Know Your GPA – Solution

It’s fun supplying your own scores for a semester, which really helps boost your GPA! Still, the challenge for this Month’s Exercise was to input — and validate — a series of grades to calculate your GPA for five courses.

I went through two drafts of my solution. The first had an input routine, get_grade(), obtain the input from 0 through 100, validate and return that value. The main() function translated the value returned, calculated the GPA value, stored it in an array, then generated the average. This solution worked, but it was clunky.

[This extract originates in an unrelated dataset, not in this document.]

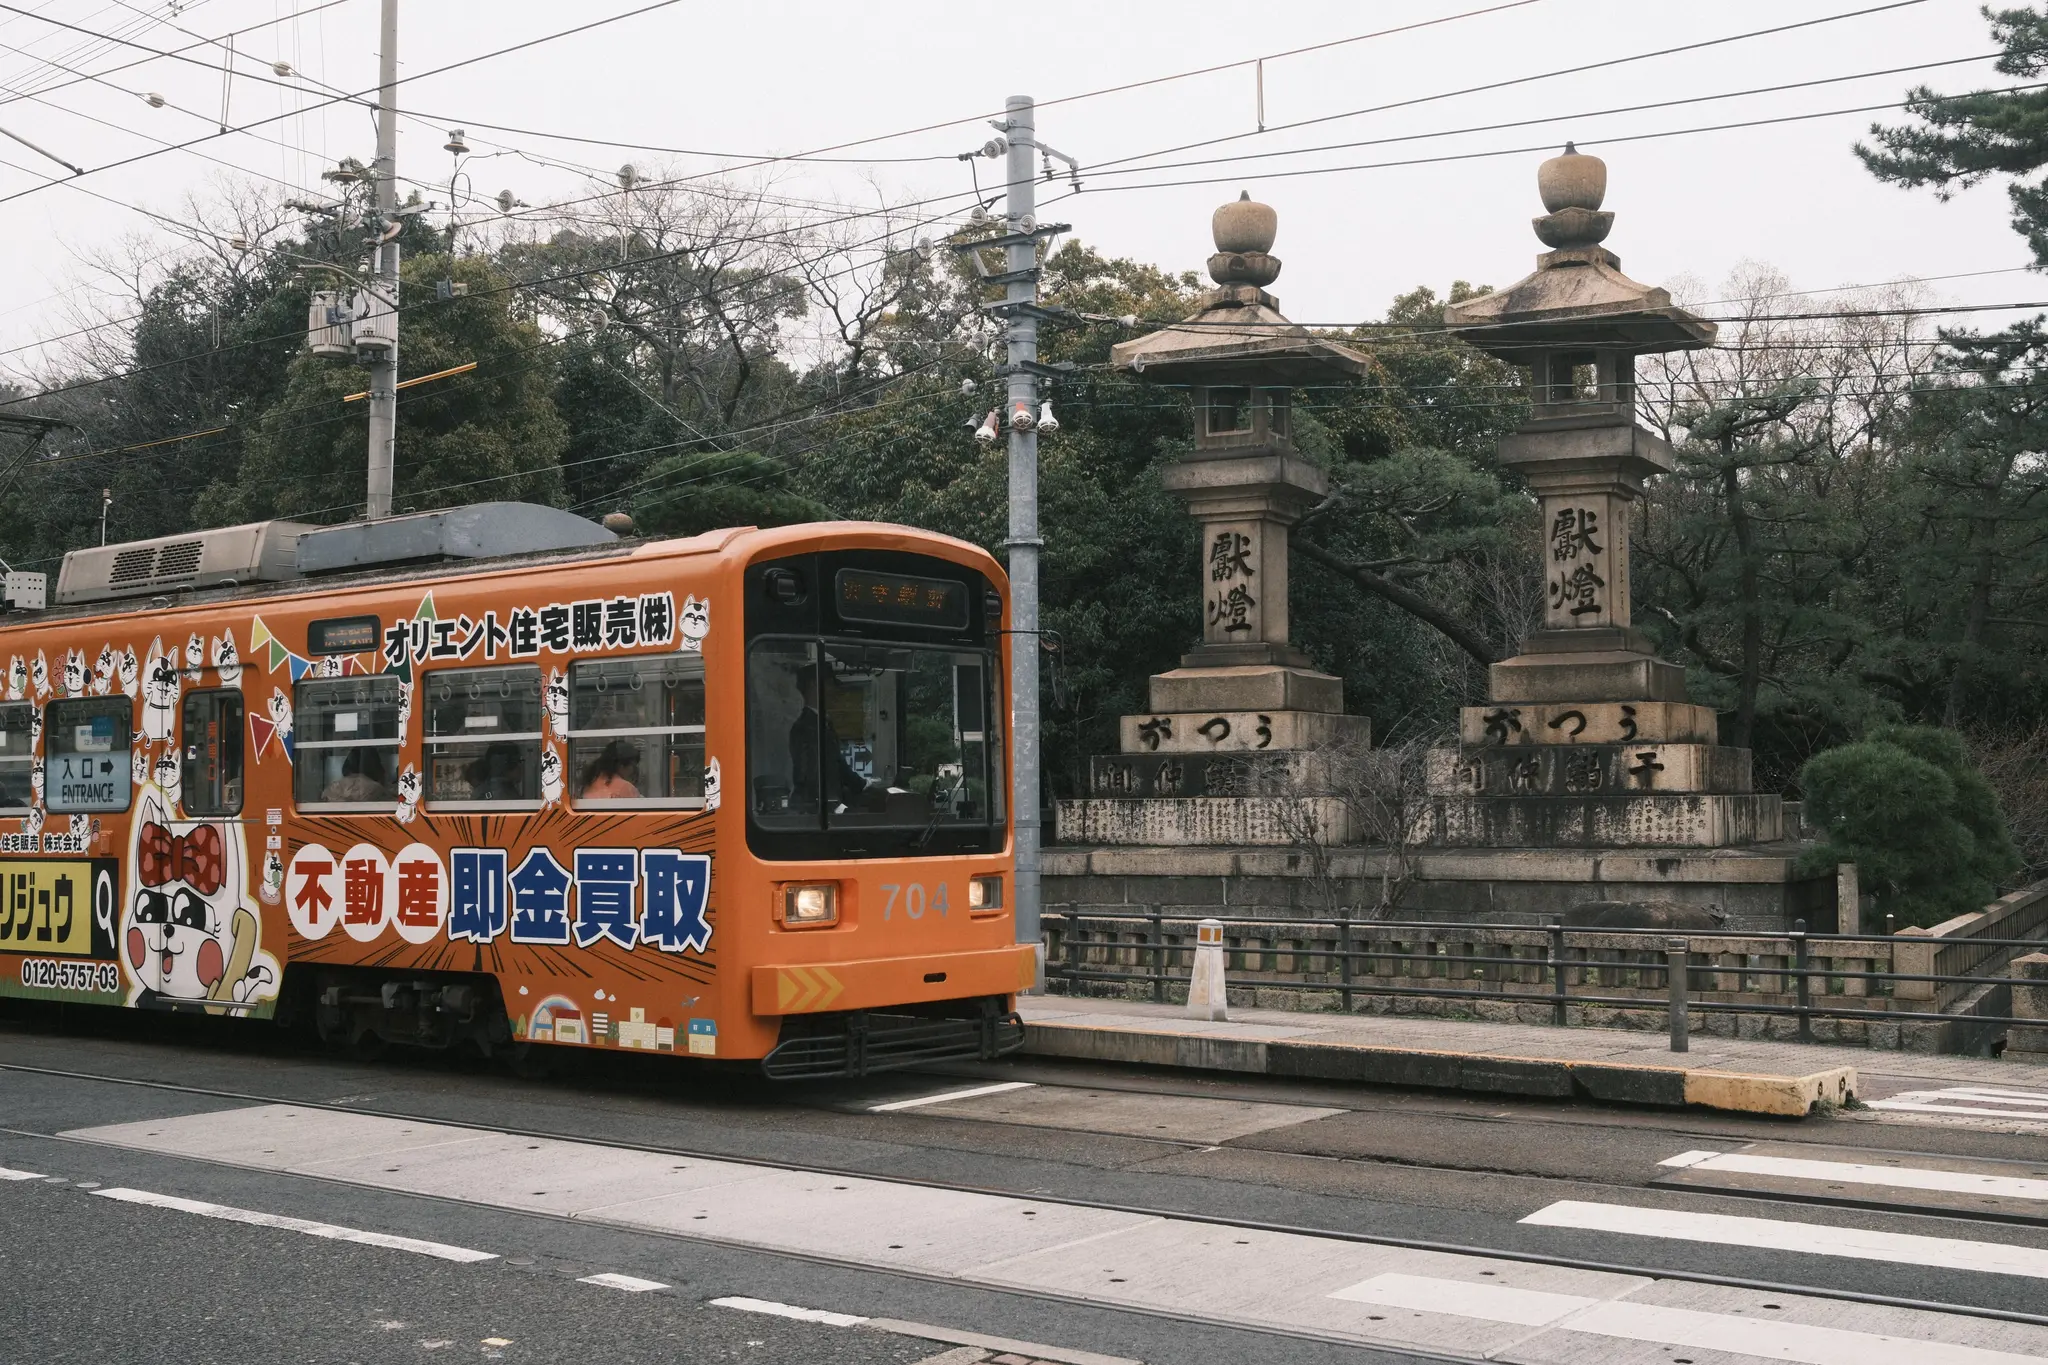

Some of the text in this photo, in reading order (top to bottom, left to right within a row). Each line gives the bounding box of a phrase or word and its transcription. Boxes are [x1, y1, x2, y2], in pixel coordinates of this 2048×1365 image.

My second draft has the get_grade() function accept and validate input, and return the GPA value directly, not the 0 to 100 grade. This way, the main() function can process everything, both collecting input and calculating the average, in a single loop. Here’s my solution:

#include <stdio.h>
#include <stdlib.h>

#define SIZE 12
#define CLASSES 5

float get_grade(void)
{
    char input[SIZE];
    float grade;
    char *p;

    /* obtain input */
    fgets(input,SIZE,stdin);
    /* convert to float */
    grade = strtod(input,&p);
    /* validate */
    if( p==input )
    {
        puts("Inavlid input");
        exit(1);
    }
    /* confirm range */
    if( grade<0 || grade>100 )
    {
        puts("Input out of range");
        exit(1);
    }

    /* return GPA value */
    if( grade > 89 )
        return(4.0);
    if( grade > 79 )
        return(3.0);
    if( grade > 69 )
        return(2.0);
    if( grade > 59 )
        return(1.0);

    return(0.0);
}

int main()
{
    float gpa,average;
    int x;

    /* obtain input */
    gpa = 0.0;
    for( x=0; x<CLASSES; x++)
    {
        printf("Enter grade (0 to 100) for class #%d: ",x+1);
        gpa += get_grade();
    }
    average = gpa/(float)CLASSES;

    /* output results */
    printf("Your semester GPA is %.1f\n",average);

    return(0);
}

(GitHub)

The get_grade() function uses fgets() to obtain input. The strtod() function converts input to a decimal value, with the if statement (at Line 18) checking for invalid input.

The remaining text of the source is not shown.